Find the next three terms of the sequence :

$\sqrt{5}, 5, 5\sqrt{5}, …….$

Since,

$\dfrac{5}{\sqrt{5}} = \dfrac{5\sqrt{5}}{5} = \sqrt{5}$

Hence, the sequence $\sqrt{5}, 5, 5\sqrt{5}, …….$ is a G.P. with r = $\sqrt{5} \text{ and } a = \sqrt{5}.$

Next three terms are = 4^th, 5^th and 6^th.
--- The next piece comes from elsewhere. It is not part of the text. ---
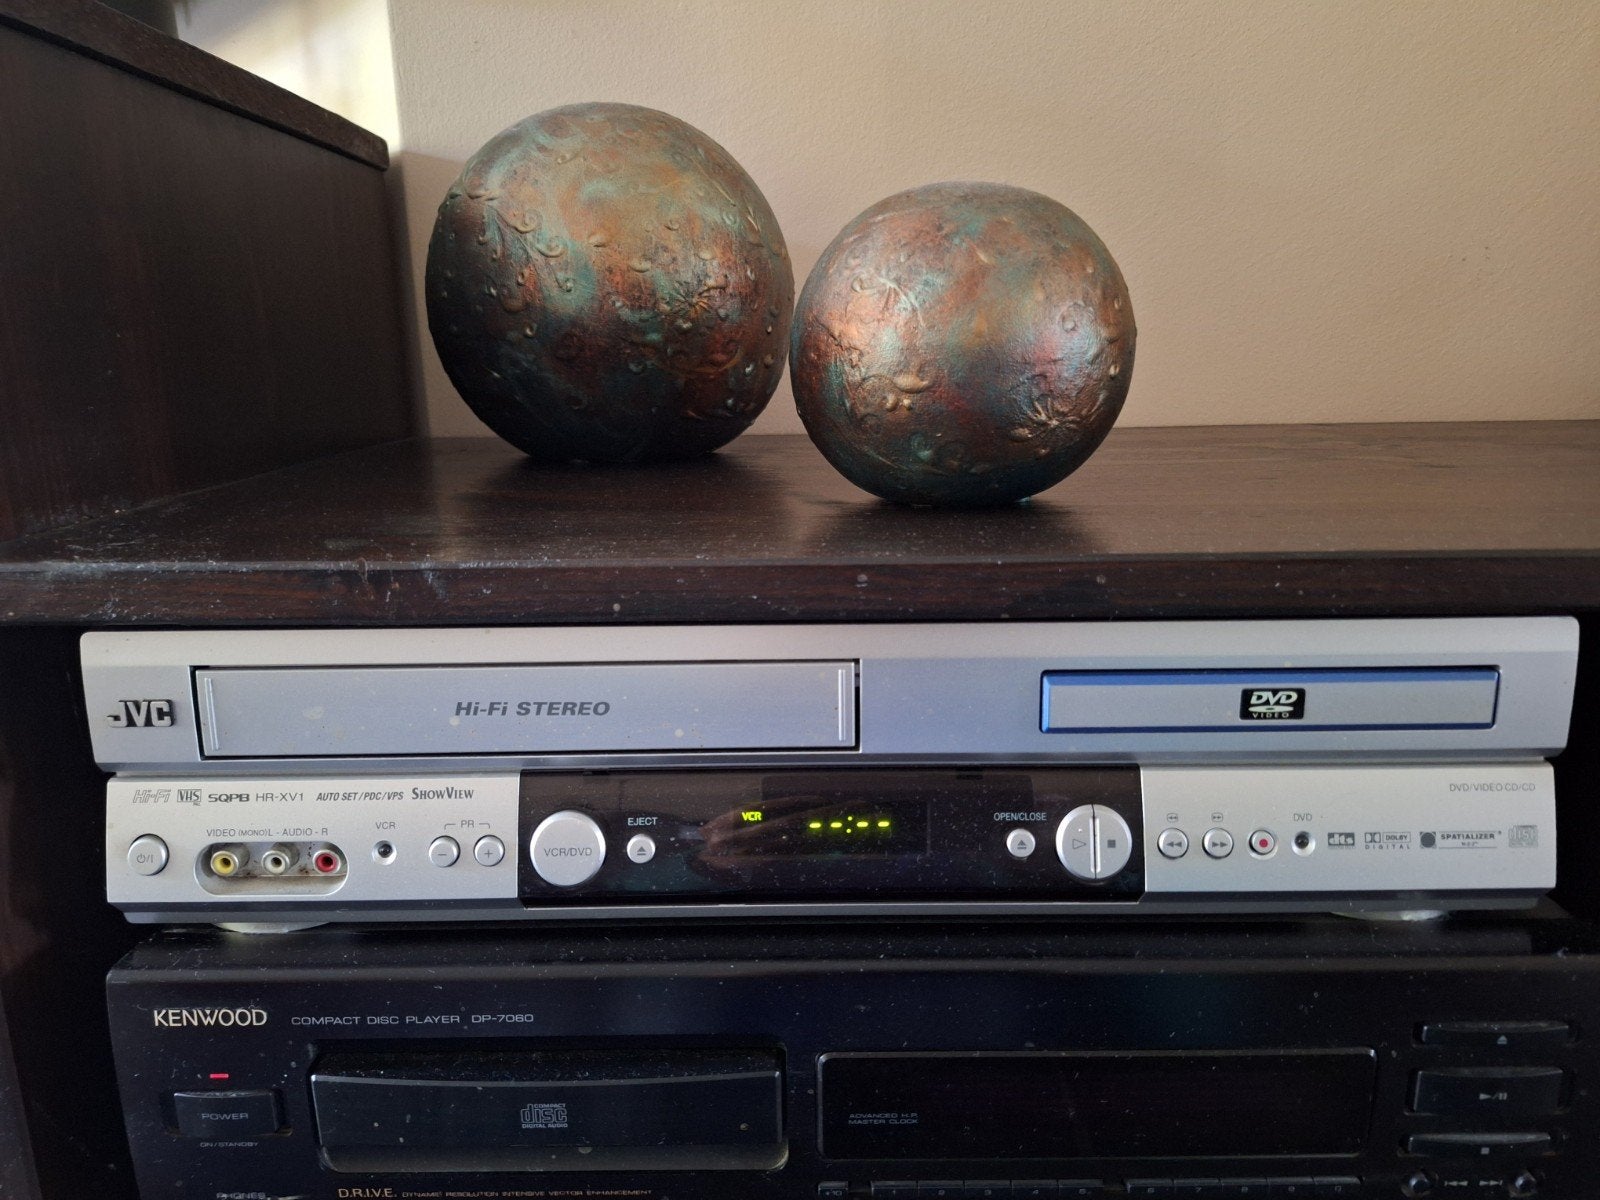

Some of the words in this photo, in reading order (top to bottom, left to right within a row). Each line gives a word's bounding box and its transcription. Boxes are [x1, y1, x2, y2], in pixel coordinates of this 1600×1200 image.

We know that n^th term of G.P.,

a_n = ar^{n - 1}

⇒ a₄ = ar^{(4 - 1)}

= ar³

= $\sqrt{5}(\sqrt{5})^3 = \sqrt{5}(5\sqrt{5})$

= 25.

⇒ a₅ = ar^{(5 - 1)}

= ar⁴

= $\sqrt{5}(\sqrt{5})^4 = \sqrt{5}(25)$

= $25\sqrt{5}$.

⇒ a₆ = ar^{(6 - 1)}

= ar⁵

= $\sqrt{5}(\sqrt{5})^5 = \sqrt{5}(25\sqrt{5})$

= 125.

Hence, next three terms of the G.P. are = 25, 25√5 and 125.